ACTION ITEM
Find the line with "this 1360×1530 image." in the entries below, then output every line from it down to the line with "this 1280×1280 image.", exactly and with no pictures.

##### THE DATA

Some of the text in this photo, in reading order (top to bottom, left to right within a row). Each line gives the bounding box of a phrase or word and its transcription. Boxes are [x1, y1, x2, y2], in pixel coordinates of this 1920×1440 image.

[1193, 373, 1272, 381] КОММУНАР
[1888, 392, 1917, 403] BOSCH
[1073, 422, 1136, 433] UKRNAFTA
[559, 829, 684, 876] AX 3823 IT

##########
##### THE DATA

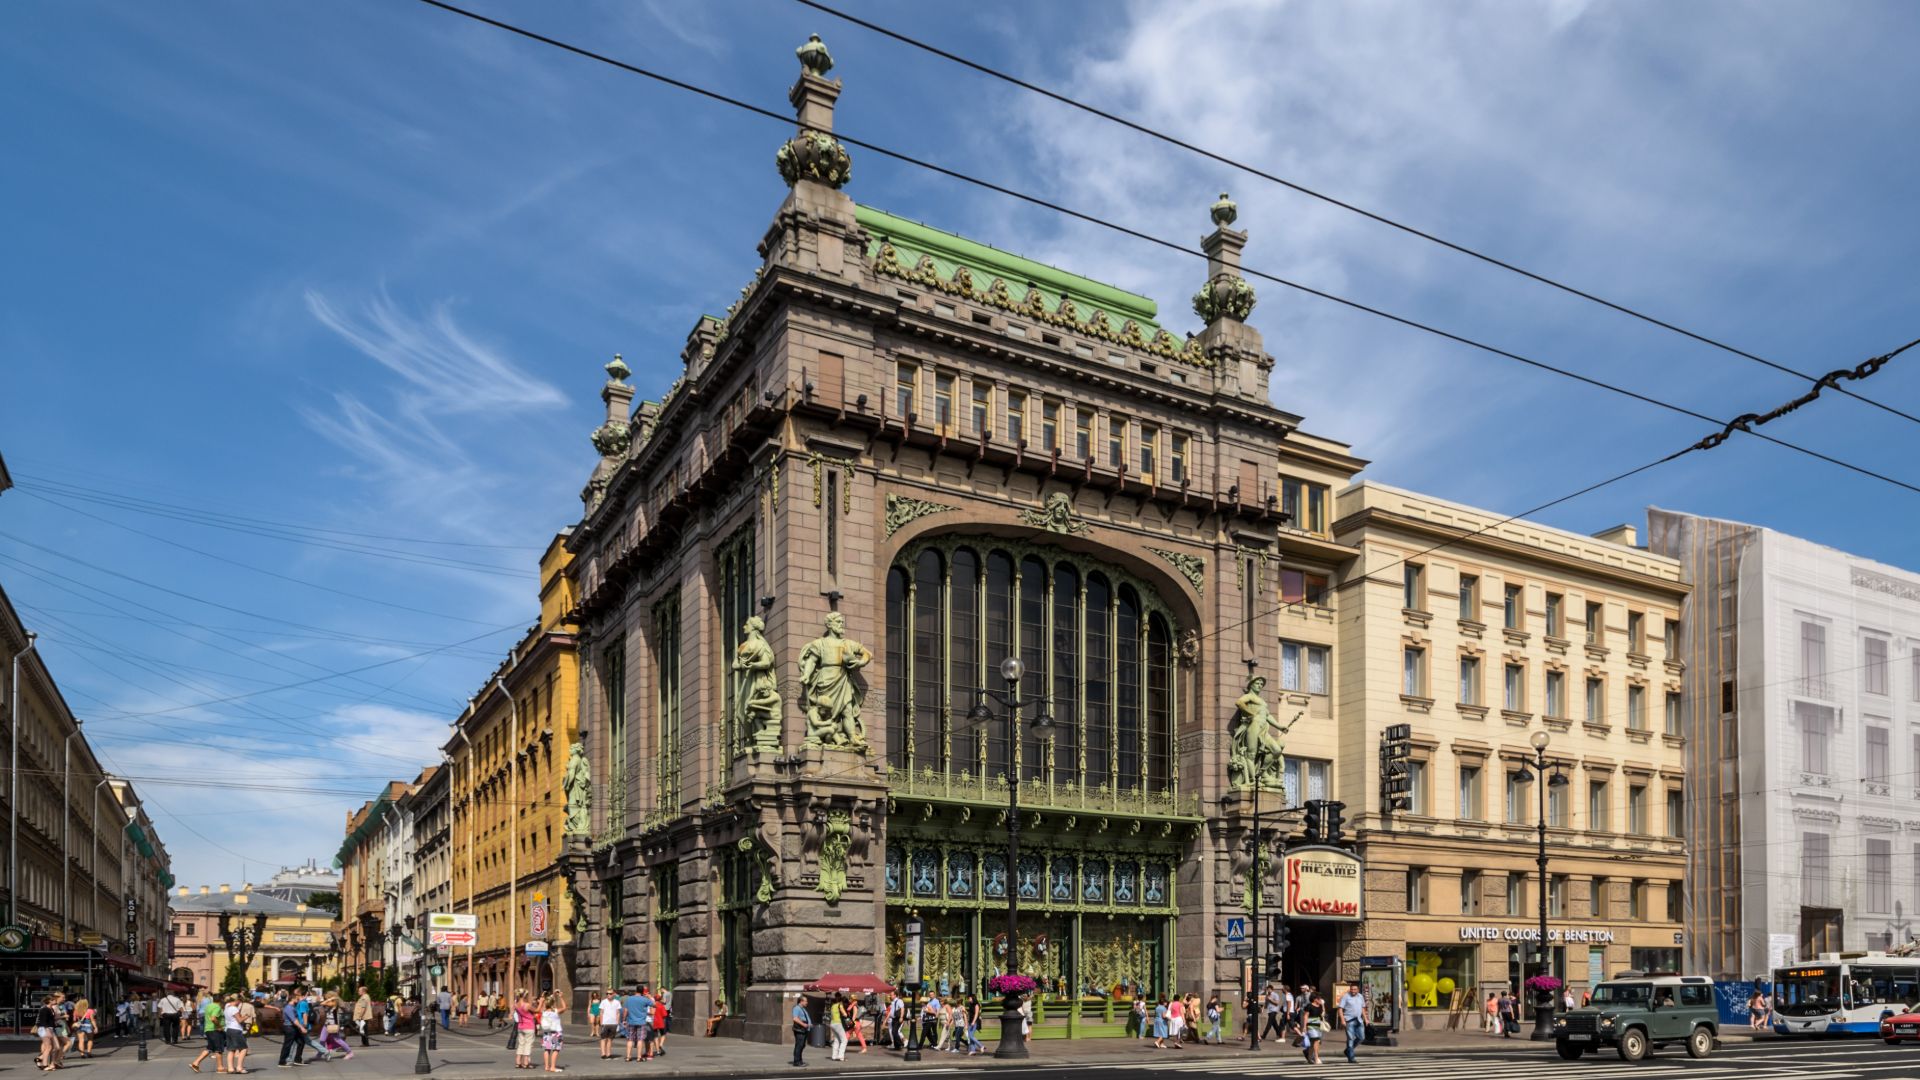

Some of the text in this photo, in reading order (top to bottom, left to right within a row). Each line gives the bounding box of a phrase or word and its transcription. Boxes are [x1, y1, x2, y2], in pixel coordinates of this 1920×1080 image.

##########
##### THE DATA

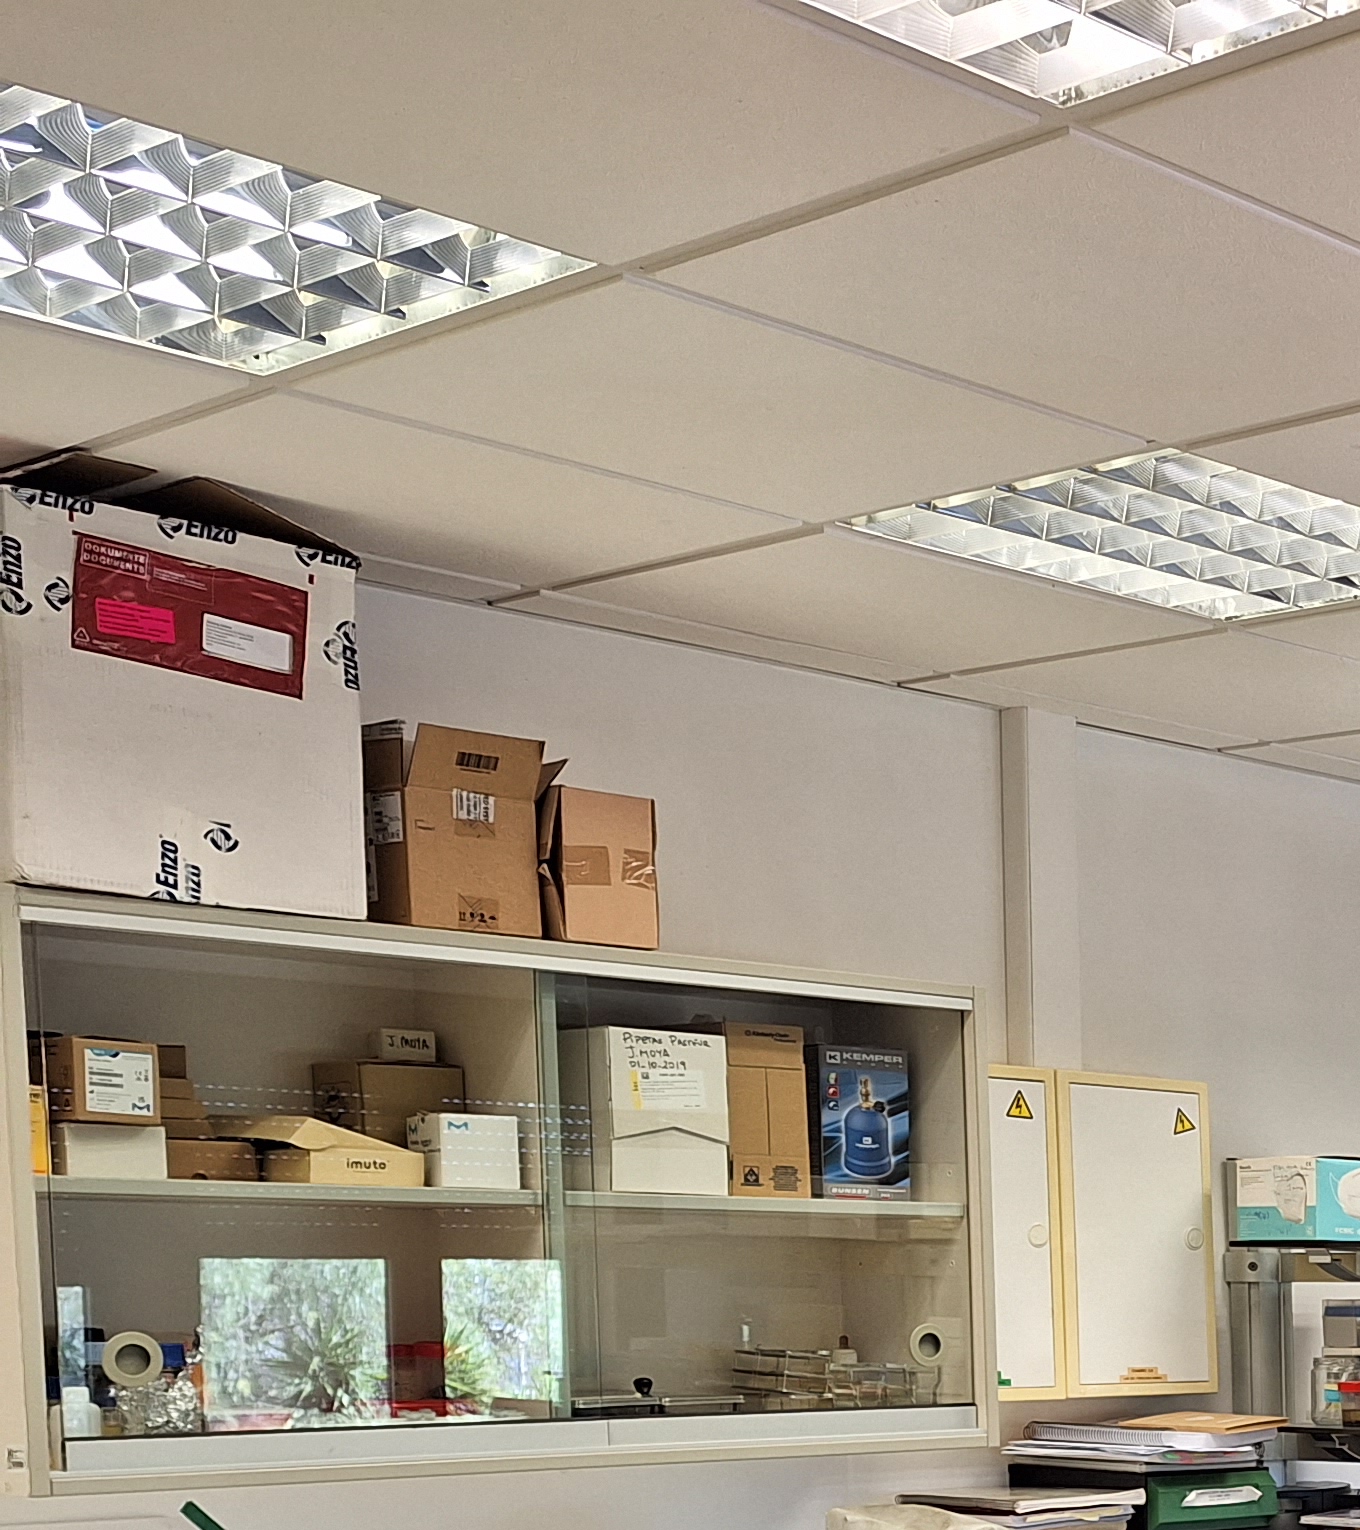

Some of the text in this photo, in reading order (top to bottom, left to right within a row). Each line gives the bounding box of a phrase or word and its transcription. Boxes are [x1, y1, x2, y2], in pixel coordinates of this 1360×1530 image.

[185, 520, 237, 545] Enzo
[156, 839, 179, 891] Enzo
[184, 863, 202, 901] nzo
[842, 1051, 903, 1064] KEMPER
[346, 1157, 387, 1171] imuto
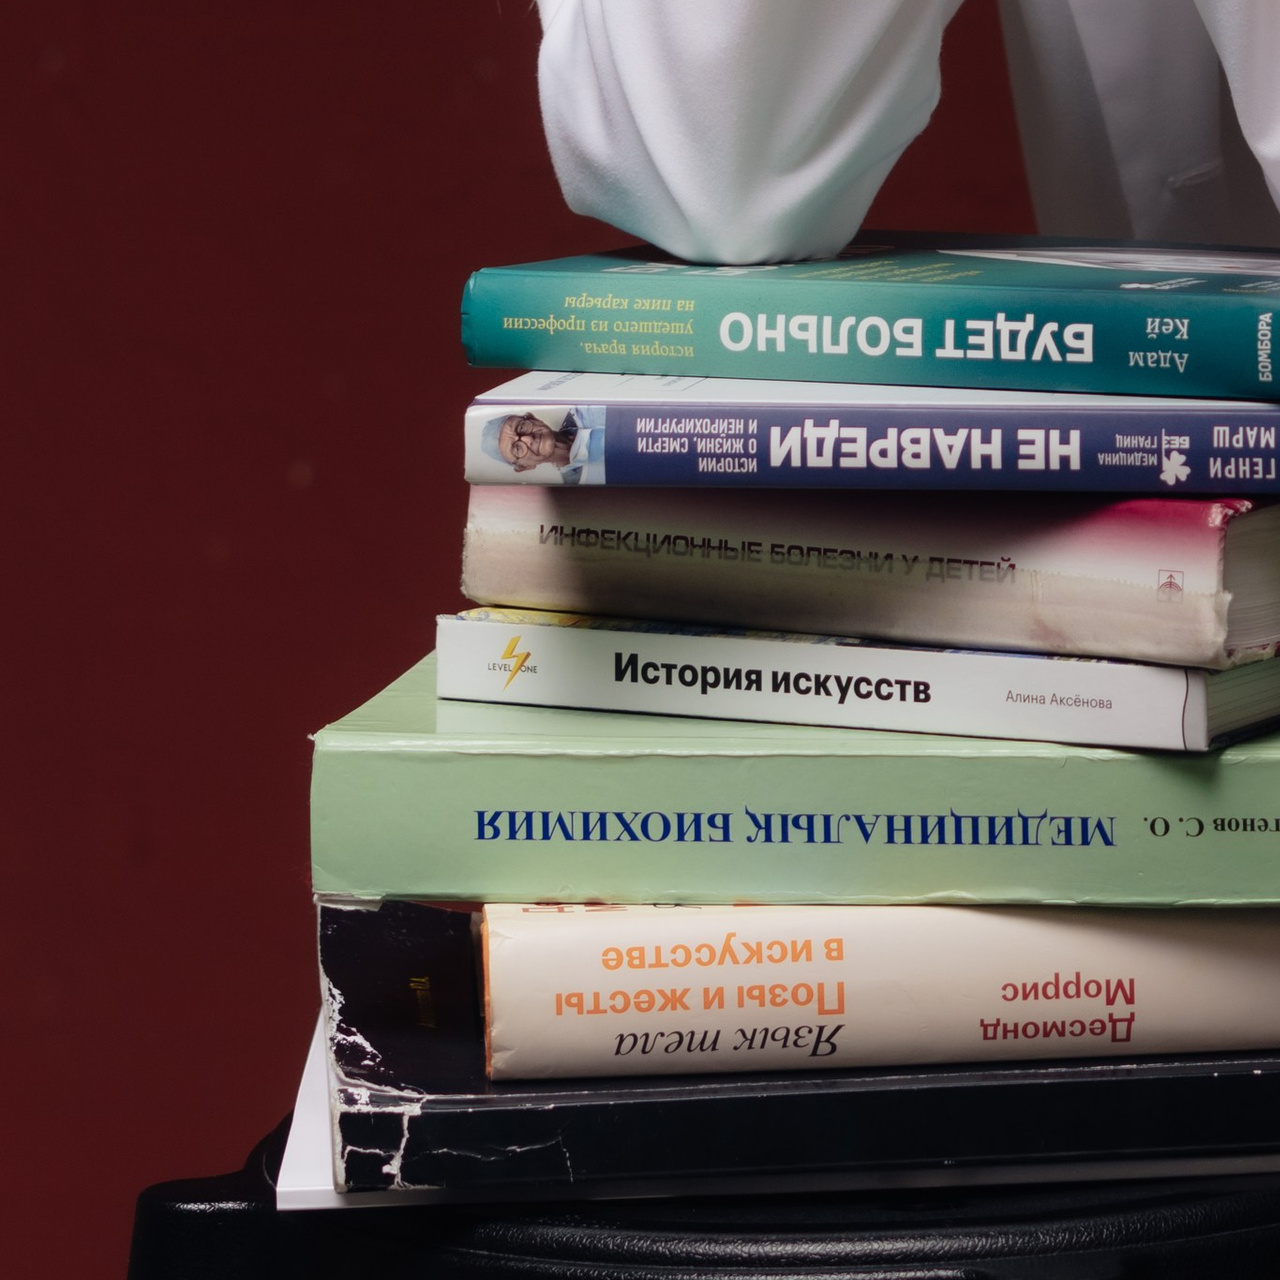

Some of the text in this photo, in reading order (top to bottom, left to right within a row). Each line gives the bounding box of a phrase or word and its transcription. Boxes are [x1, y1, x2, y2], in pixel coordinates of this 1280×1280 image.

##########

ANSWER TO THE EXERCISE
Some of the text in this photo, in reading order (top to bottom, left to right within a row). Each line gives the bounding box of a phrase or word and its transcription. Boxes are [x1, y1, x2, y2], in pixel coordinates of this 1360×1530 image.

[185, 520, 237, 545] Enzo
[156, 839, 179, 891] Enzo
[184, 863, 202, 901] nzo
[842, 1051, 903, 1064] KEMPER
[346, 1157, 387, 1171] imuto

Some of the text in this photo, in reading order (top to bottom, left to right within a row). Each line gives the bounding box of a phrase or word and its transcription. Boxes are [x1, y1, x2, y2], in pixel coordinates of this 1280×1280 image.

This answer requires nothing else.